The Value of Architecture is the Architect - No wait!

On my Facebook feed, instagram and twitter, I read the unfortunate news that the Hall of Nations has been brought down.

It is no difficult argument that it should not have been, or that there are far ugliers, more ungainly and completely un-celebrate-able buildings in Pragati Maidan (the Irony of the name does not pass me at the moment!) that should have met this fate long before Hall of Nations perished to it.

So the question comes to mind -How? Or why?

As a young upstart of a practice, and a young architect trying to make headway into the world of design it is formidable kind of future to ponder.

But I think the answer lies probably, not in architecture or its value or how its value is perceived, but in the nature of discourse on architecture in the country.

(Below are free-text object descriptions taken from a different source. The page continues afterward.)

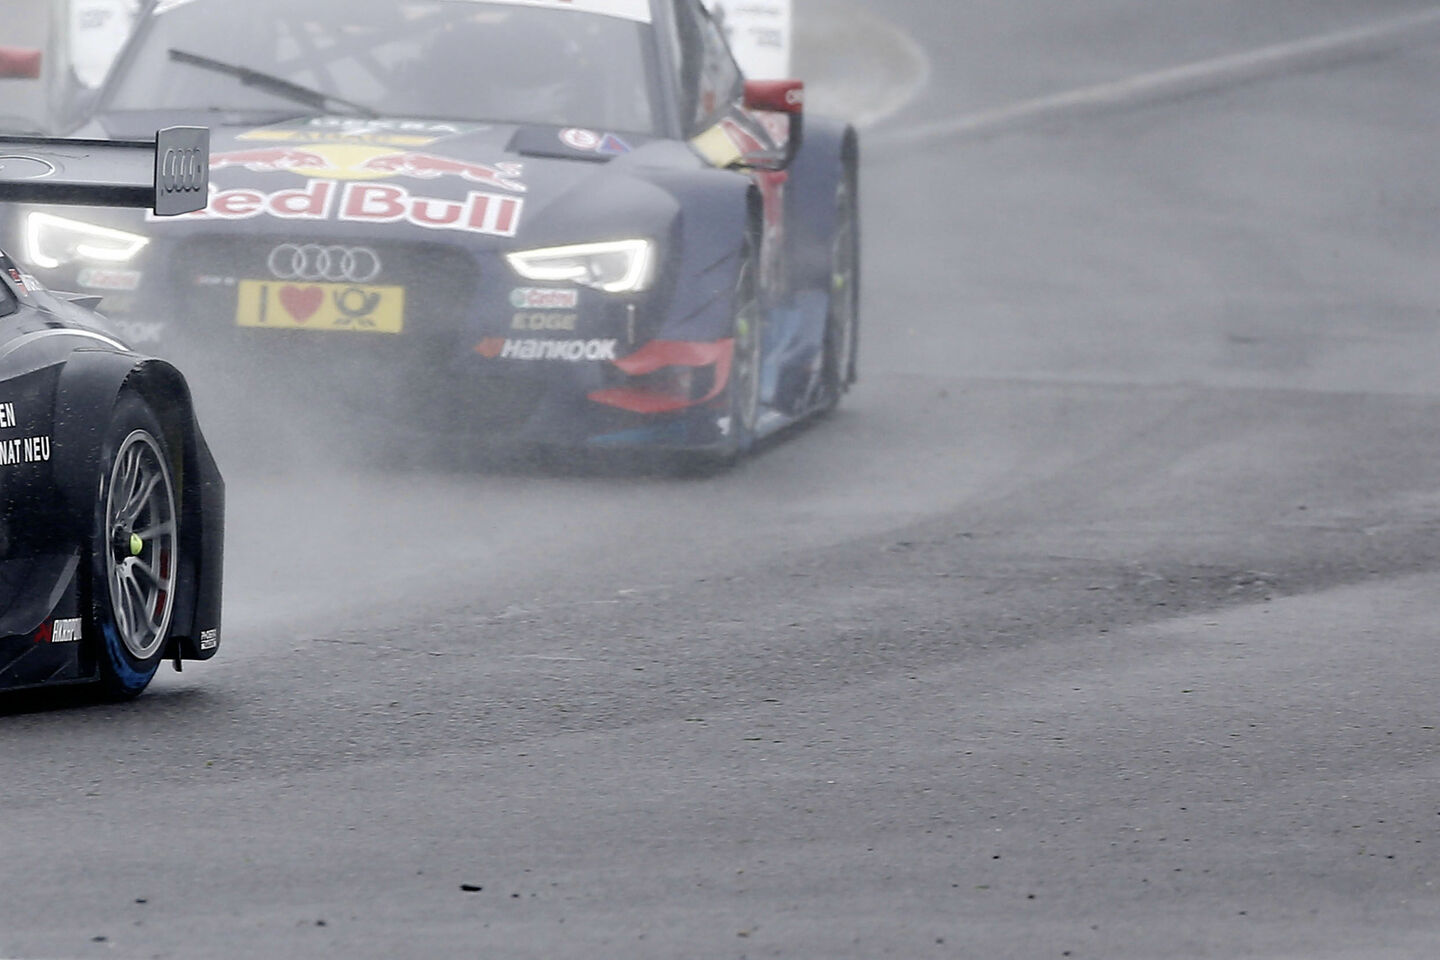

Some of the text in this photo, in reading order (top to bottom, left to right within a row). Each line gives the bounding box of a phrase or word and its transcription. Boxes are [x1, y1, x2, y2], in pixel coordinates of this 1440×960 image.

[150, 179, 526, 237] ed Bull
[24, 436, 50, 462] NEU
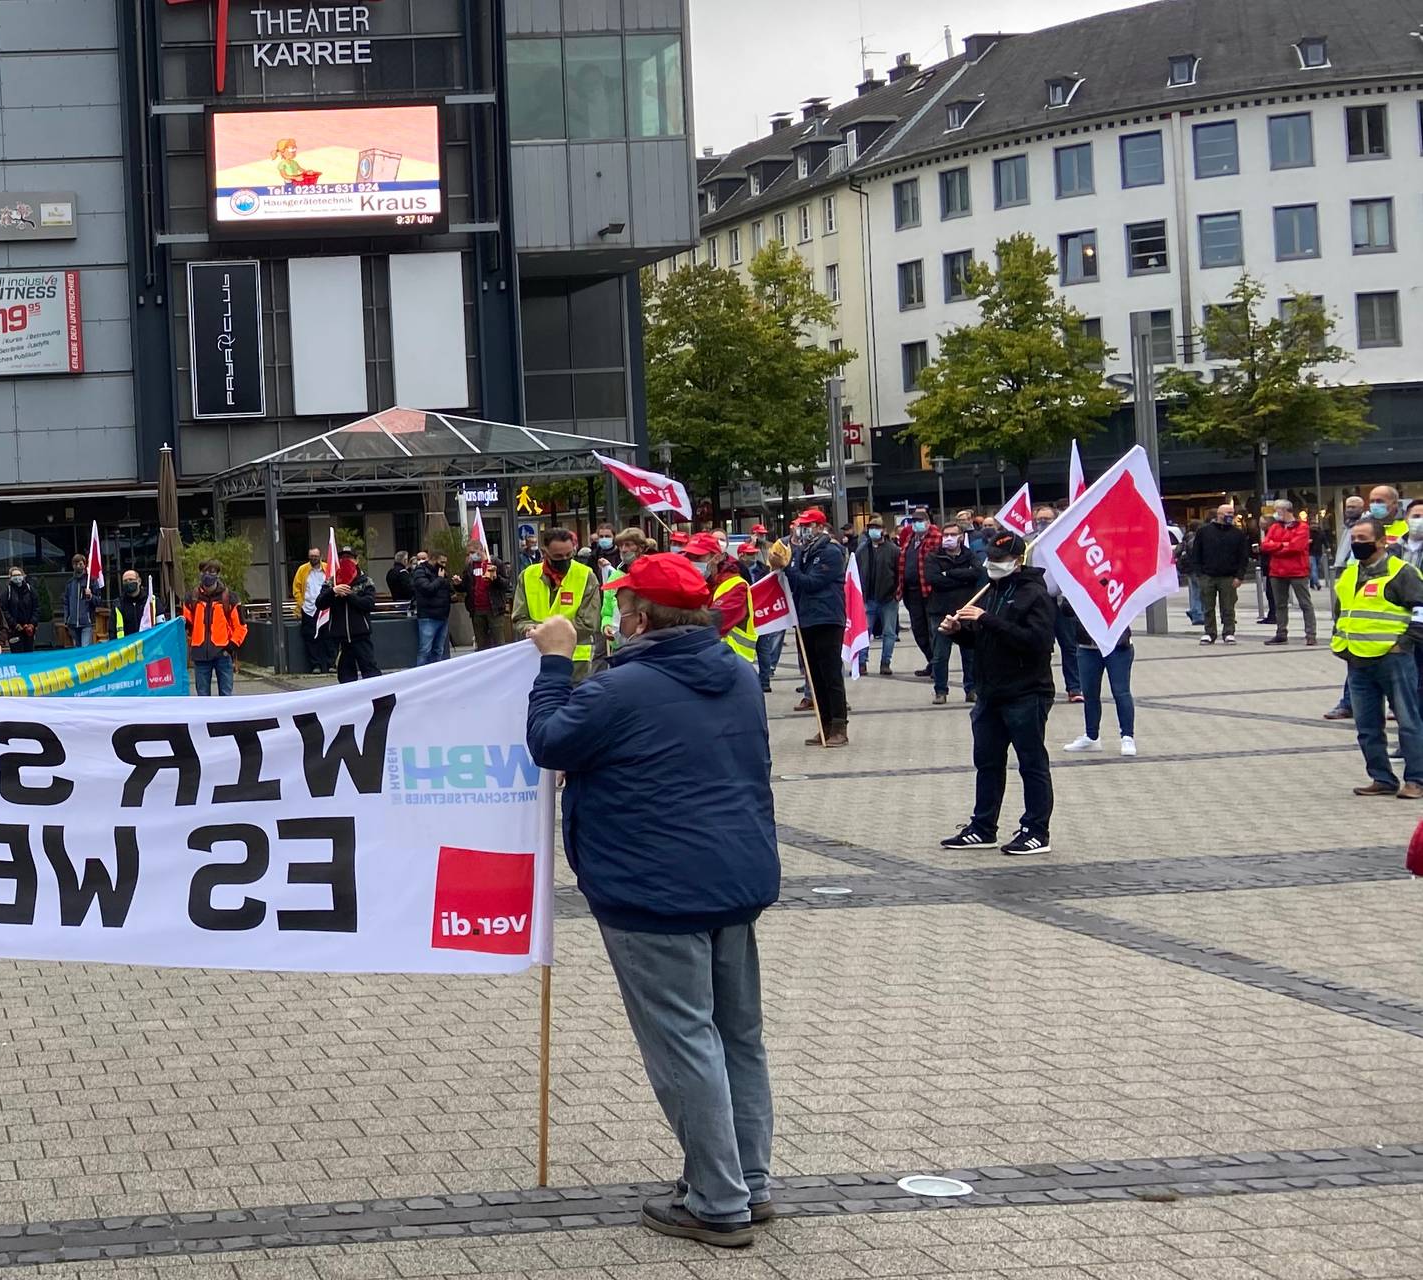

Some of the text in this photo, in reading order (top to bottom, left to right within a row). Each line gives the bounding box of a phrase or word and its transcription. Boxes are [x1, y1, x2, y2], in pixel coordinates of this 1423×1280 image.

[250, 6, 370, 35] THEATER
[253, 39, 373, 67] KARREE
[267, 182, 380, 195] Tel.: 02331-631 924
[360, 195, 427, 212] Kraus
[396, 214, 434, 225] 9:37 Uhr
[7, 274, 58, 286] inclusive
[67, 273, 79, 369] ERLEBE DEN UNTERSCHIED
[1077, 525, 1124, 612] ver.di
[29, 667, 75, 696] IHR
[75, 640, 145, 684] DRAN!
[148, 675, 172, 683] ver.di

Which even now is yet to come of any kind of age.

I happened to attend an event at IHC discussing the proposal of National Museum of Architecture, a small group of architects and people from allied disciplines.

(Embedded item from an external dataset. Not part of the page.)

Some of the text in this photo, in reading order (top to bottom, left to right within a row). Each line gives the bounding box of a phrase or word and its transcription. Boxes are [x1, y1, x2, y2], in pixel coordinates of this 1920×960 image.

Before long the discussion wound its way from architecture to architects, and the value of keeping a repository of works of the who’s who.

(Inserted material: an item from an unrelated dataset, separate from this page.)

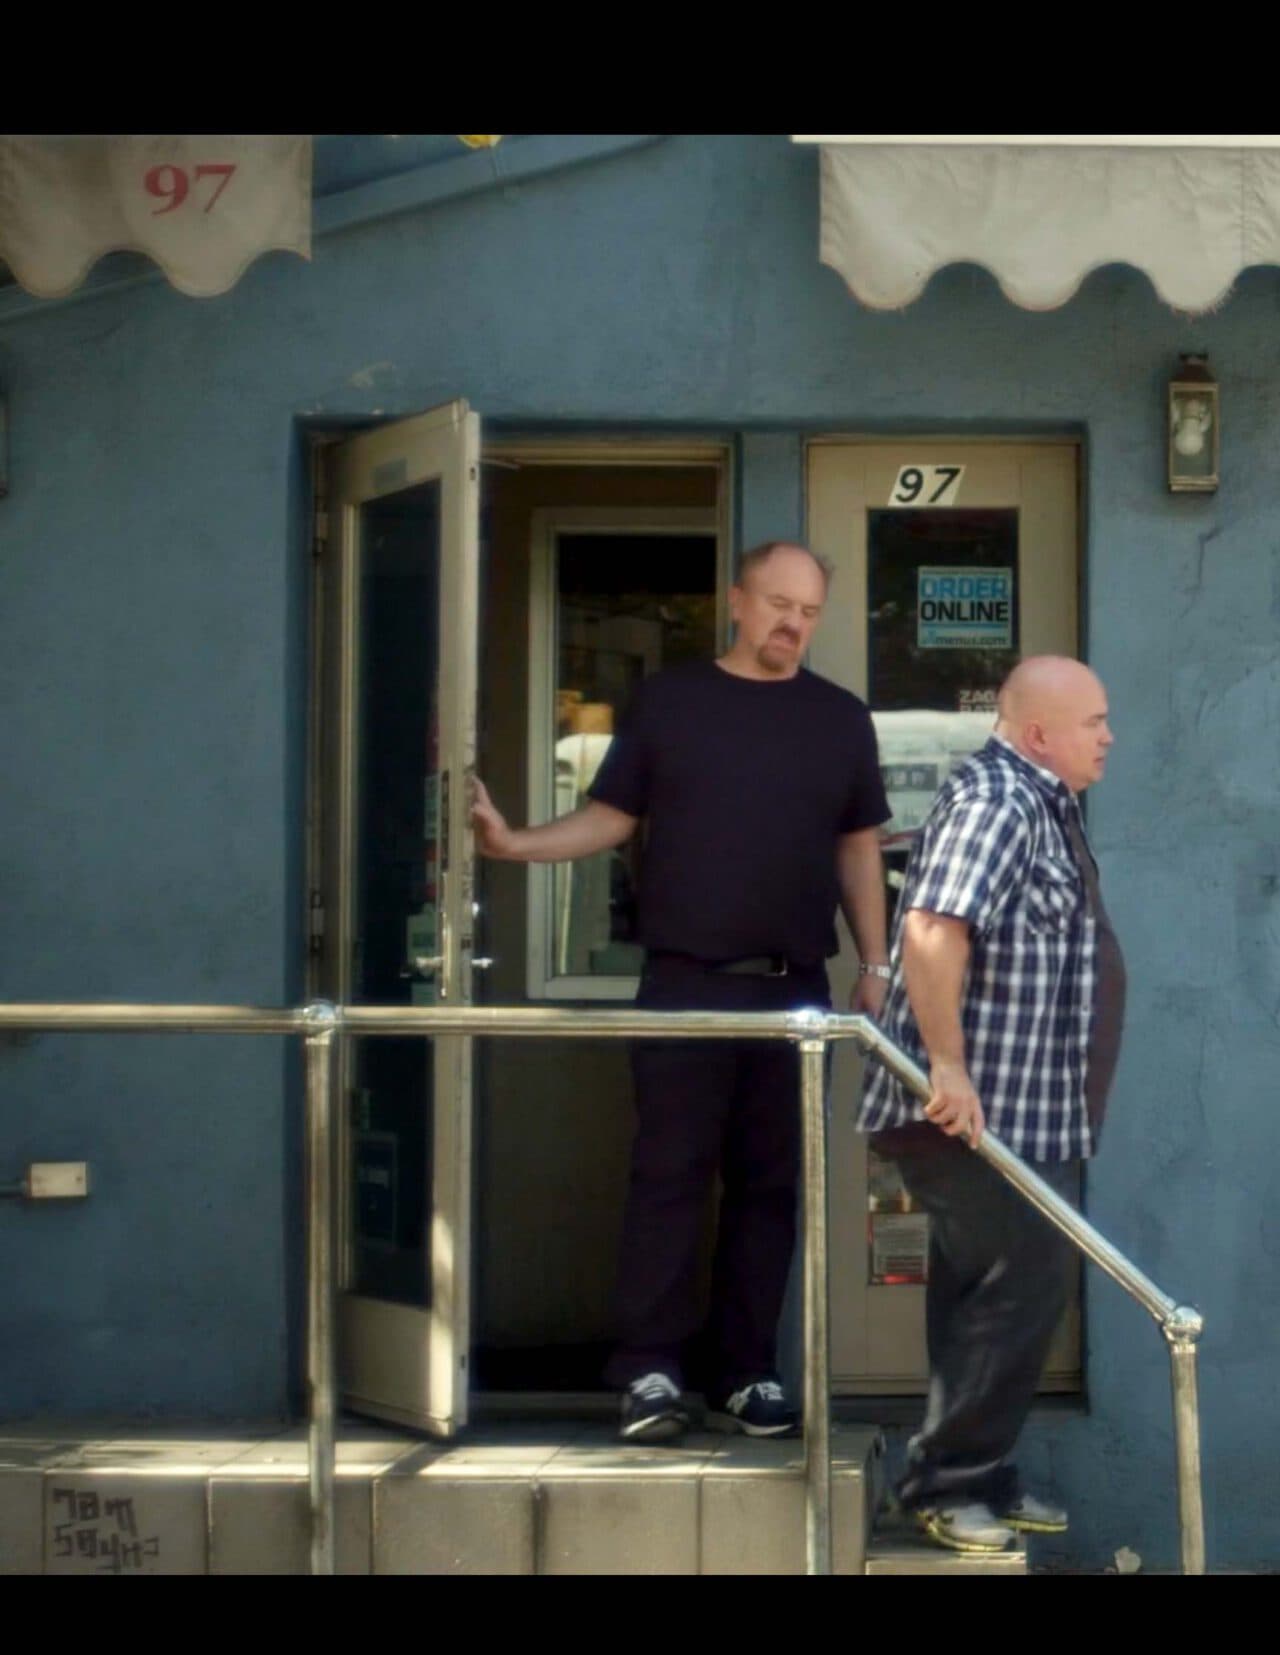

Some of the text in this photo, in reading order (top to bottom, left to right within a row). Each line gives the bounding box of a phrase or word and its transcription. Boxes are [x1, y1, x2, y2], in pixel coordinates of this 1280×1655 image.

[144, 163, 237, 216] 97
[895, 467, 961, 503] 97
[921, 577, 1008, 599] ORDER
[921, 600, 1008, 622] ONLINE

And it suddenly became quite apparent how little discourse there was, and if there was any it was more like Name-Dropping.

The discourse on Architecture is not the Discussion of Architects. And the Value of Architecture is not in the name of the Authorship.  They are separate. The Architect may be important by a symbiotic relationship to the Value of the Architecture, the reverse is painfully untrue.


But in that small realization I believe the discourse of architecture may be carried out in earnest. The value of architecture is not the name of the Architect who designed it. Its value is (and should always be) quite clearly distinct.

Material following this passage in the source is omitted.